Please post your config
/export hide=sensitive file=mylatestconfig

It will help determine how your DNS and firewall rules are setup.
We may also want to consider redirect NAT rules for DNS.
Hi anav,

Thanks. export:
# jan/18/2019 20:37:41 by RouterOS 6.44beta54
# software id = 06GQ-R3YM
#
/interface bridge
add name=loopback protocol-mode=none
/interface wireless security-profiles
set [ find default=yes ] supplicant-identity=MikroTik
add authentication-types=wpa2-psk disable-pmkid=yes eap-methods="" \
    group-key-update=30m management-protection=allowed mode=dynamic-keys \
    name=p_AP supplicant-identity=""
/interface wireless
set [ find default-name=wlan1 ] adaptive-noise-immunity=ap-and-client-mode \
    ampdu-priorities=0,1,2,3,4 band=2ghz-onlyn basic-rates-a/g="" \
    basic-rates-b="" bridge-mode=disabled disabled=no distance=indoors \
    frequency=2452 ht-basic-mcs="" ht-supported-mcs="mcs-3,mcs-4,mcs-5,mcs-6,m\
    cs-7,mcs-8,mcs-9,mcs-10,mcs-11,mcs-12,mcs-13,mcs-14,mcs-15" \
    hw-protection-mode=cts-to-self installation=indoor mode=ap-bridge \
    radio-name="" rate-set=configured security-profile=p_AP ssid=INVI \
    supported-rates-a/g="" supported-rates-b="" wireless-protocol=802.11 \
    wps-mode=disabled
/ip pool
add name=pool_lan ranges=192.168.88.50-192.168.88.254
/ip dhcp-server
add add-arp=yes address-pool=pool_lan disabled=no interface=wlan1 lease-time=\
    1d name=dhcp_lan
/ip neighbor discovery-settings
set discover-interface-list=none
/ip address
add address=192.168.88.1/24 interface=wlan1 network=192.168.88.0
add address=192.168.240.100 interface=loopback network=192.168.240.100
/ip dhcp-client
add dhcp-options=clientid,hostname disabled=no interface=ether1 use-peer-dns=\
    no use-peer-ntp=no
/ip dhcp-server network
add address=192.168.88.0/24 gateway=192.168.88.1 netmask=24
/ip dns
set servers=1.1.1.1,208.67.220.220
/ip firewall service-port
set ftp disabled=yes
set tftp disabled=yes
set irc disabled=yes
set h323 disabled=yes
set sip disabled=yes
set pptp disabled=yes
set udplite disabled=yes
set dccp disabled=yes
set sctp disabled=yes
/system clock
set time-zone-name=Europe/Athens
/system identity
set name=valb01
/system ntp client
set enabled=yes primary-ntp=52.209.118.149 secondary-ntp=163.172.61.210
/tool bandwidth-server
set authenticate=no enabled=no
/tool mac-server
set allowed-interface-list=none
/tool mac-server mac-winbox
set allowed-interface-list=none
/tool mac-server ping
set enabled=no
If you make a ping or solve the domain that resolves to you?

Regards.
 
anav
Forum Guru
Forum Guru
Posts: 2900
Joined: Sun Feb 18, 2018 11:28 pm
Location: Nova Scotia, Canada

Re: DNS xxx.ddns.net

Fri Jan 18, 2019 8:47 pm

I am not familiar with 1.1.1.1 is that a legitimate DNS server??
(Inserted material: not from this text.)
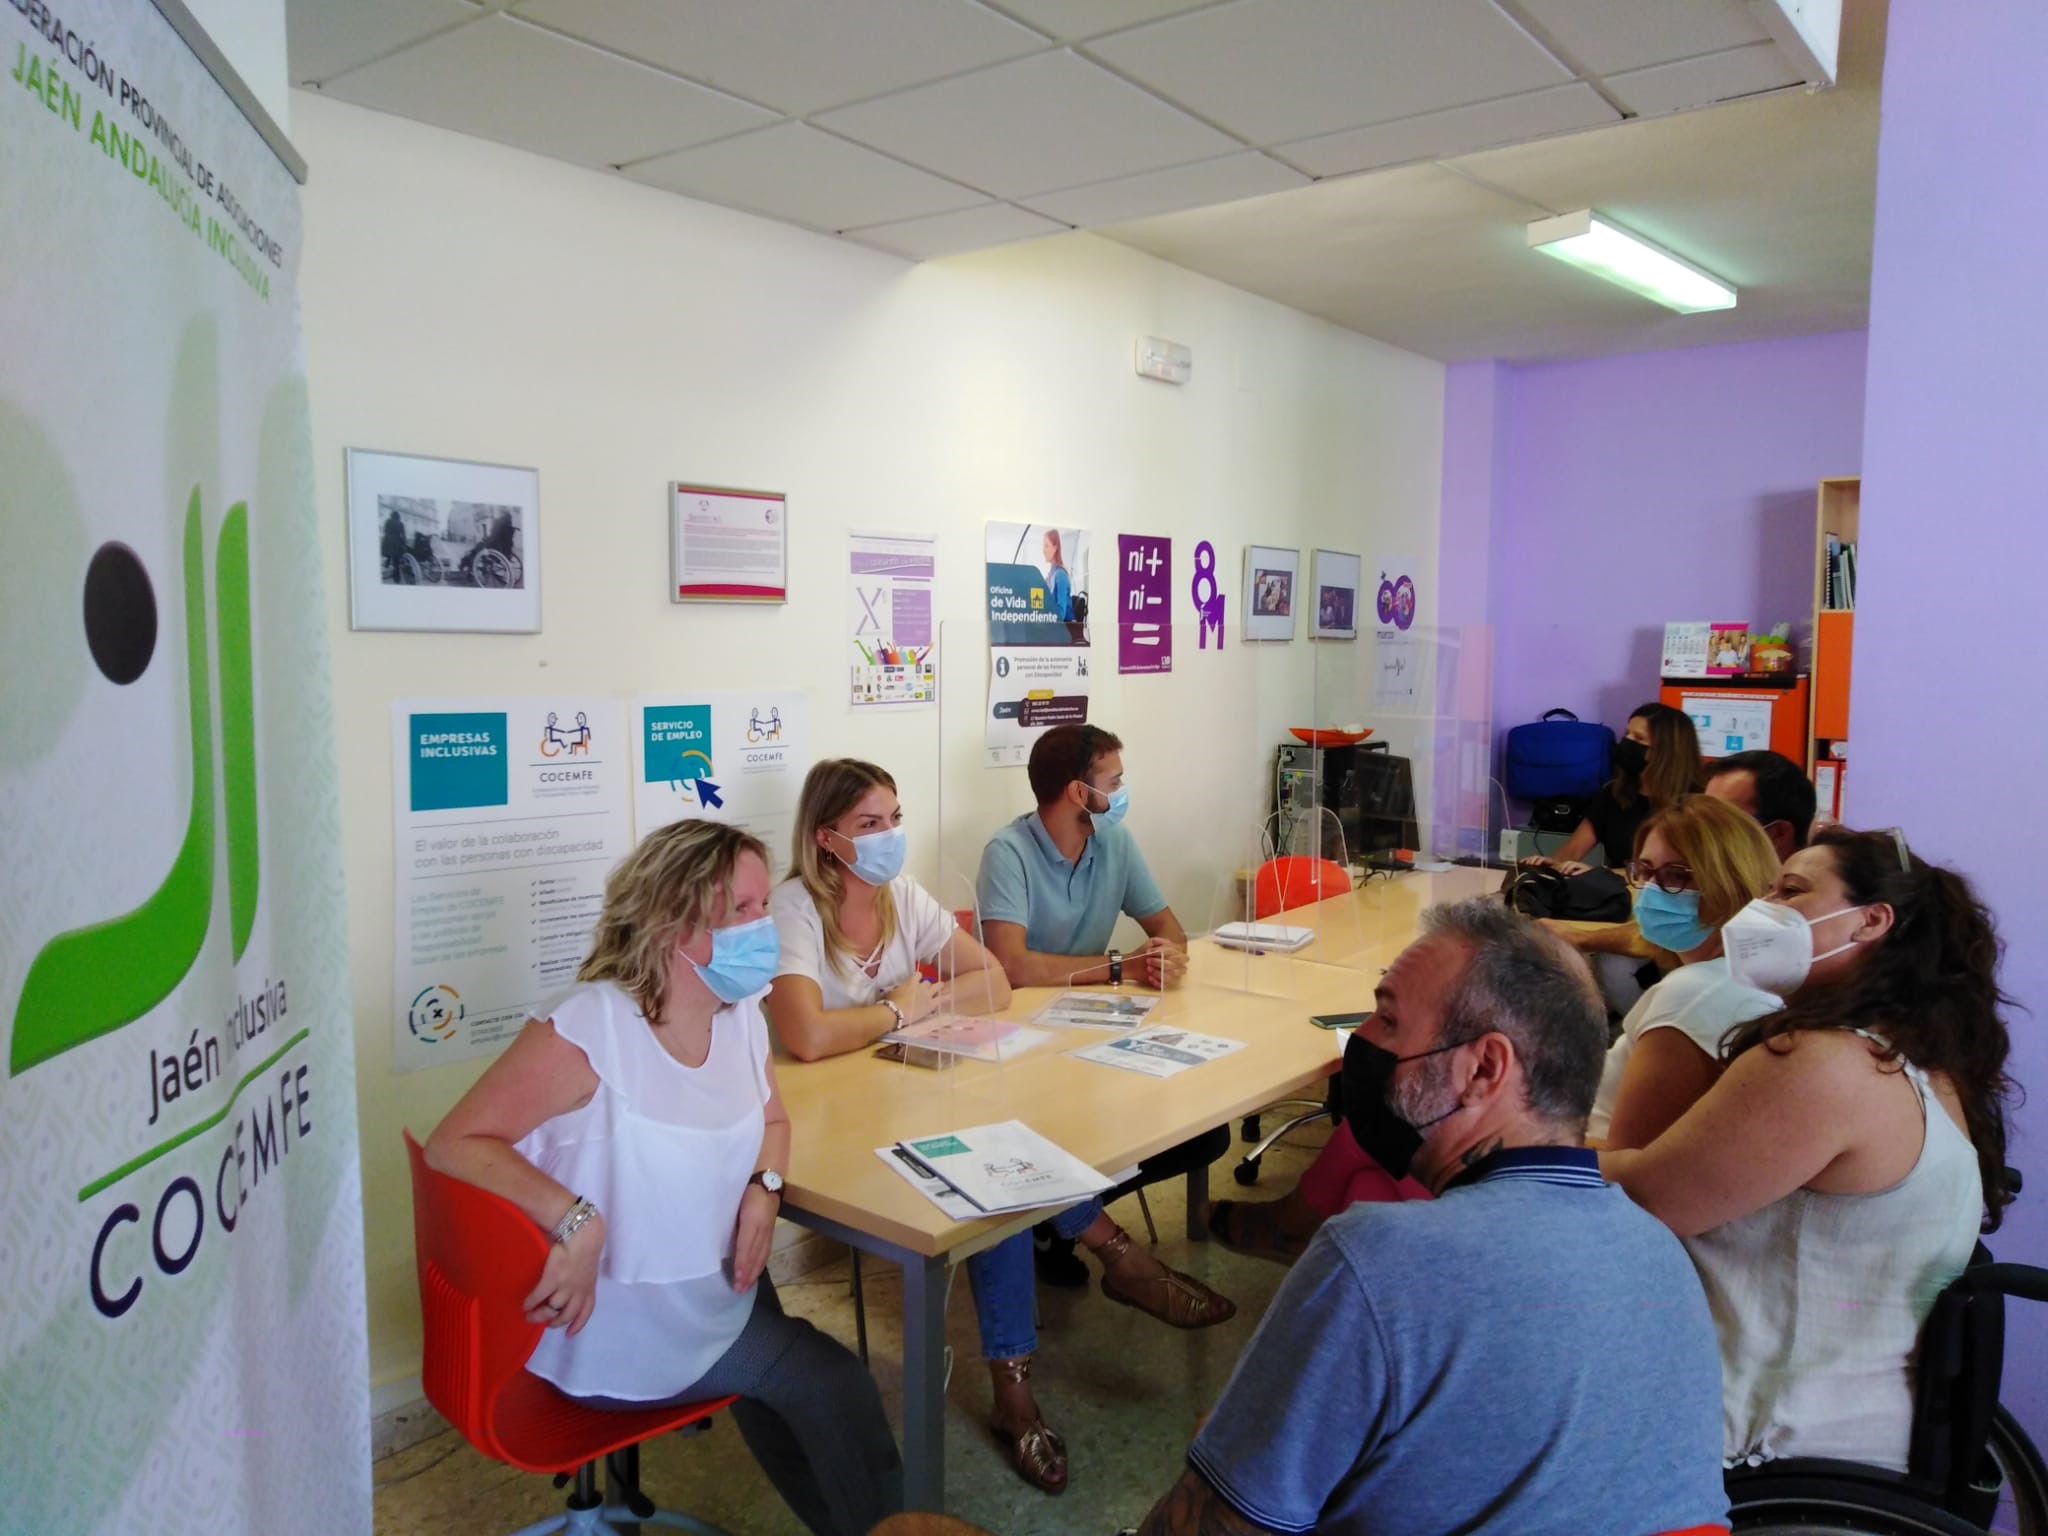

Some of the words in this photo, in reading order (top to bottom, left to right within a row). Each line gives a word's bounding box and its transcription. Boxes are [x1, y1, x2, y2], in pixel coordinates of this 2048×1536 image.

Overall your setup is missing so many things and most of all any firewall rules.
I suggest you download the latest stable firmware 6.43.8 and reset to defaults.

For example
missing an IP pool
missing a DHCP-SERVER NEWORK
no firewall filter rules
no firewall nat rules
no IP route rules
and many others.......
I'd rather manage rats than software. Follow my advice at your own risk! (Sob & mkx forced me to write that!)
 
wispmikrotik
Frequent Visitor
Frequent Visitor
Topic Author
Posts: 50
Joined: Tue Apr 25, 2017 10:43 am

Re: DNS xxx.ddns.net

Fri Jan 18, 2019 8:54 pm

I am not familiar with 1.1.1.1 is that a legitimate DNS server??

Overall your setup is missing so many things and most of all any firewall rules.
I suggest you download the latest stable firmware 6.43.8 and reset to defaults.

For example
missing an IP pool
missing a DHCP-SERVER NEWORK
no firewall filter rules
no firewall nat rules
no IP route rules
and many others.......
Hi,

IP 1.1.1.1 is cloudfare.
https://blog.cloudflare.com/announcing-1111/
Regarding the rules of the firewall, they are not necessary, since in front of the mikrotik there is a firewall that blocks all unwanted input/forward traffic.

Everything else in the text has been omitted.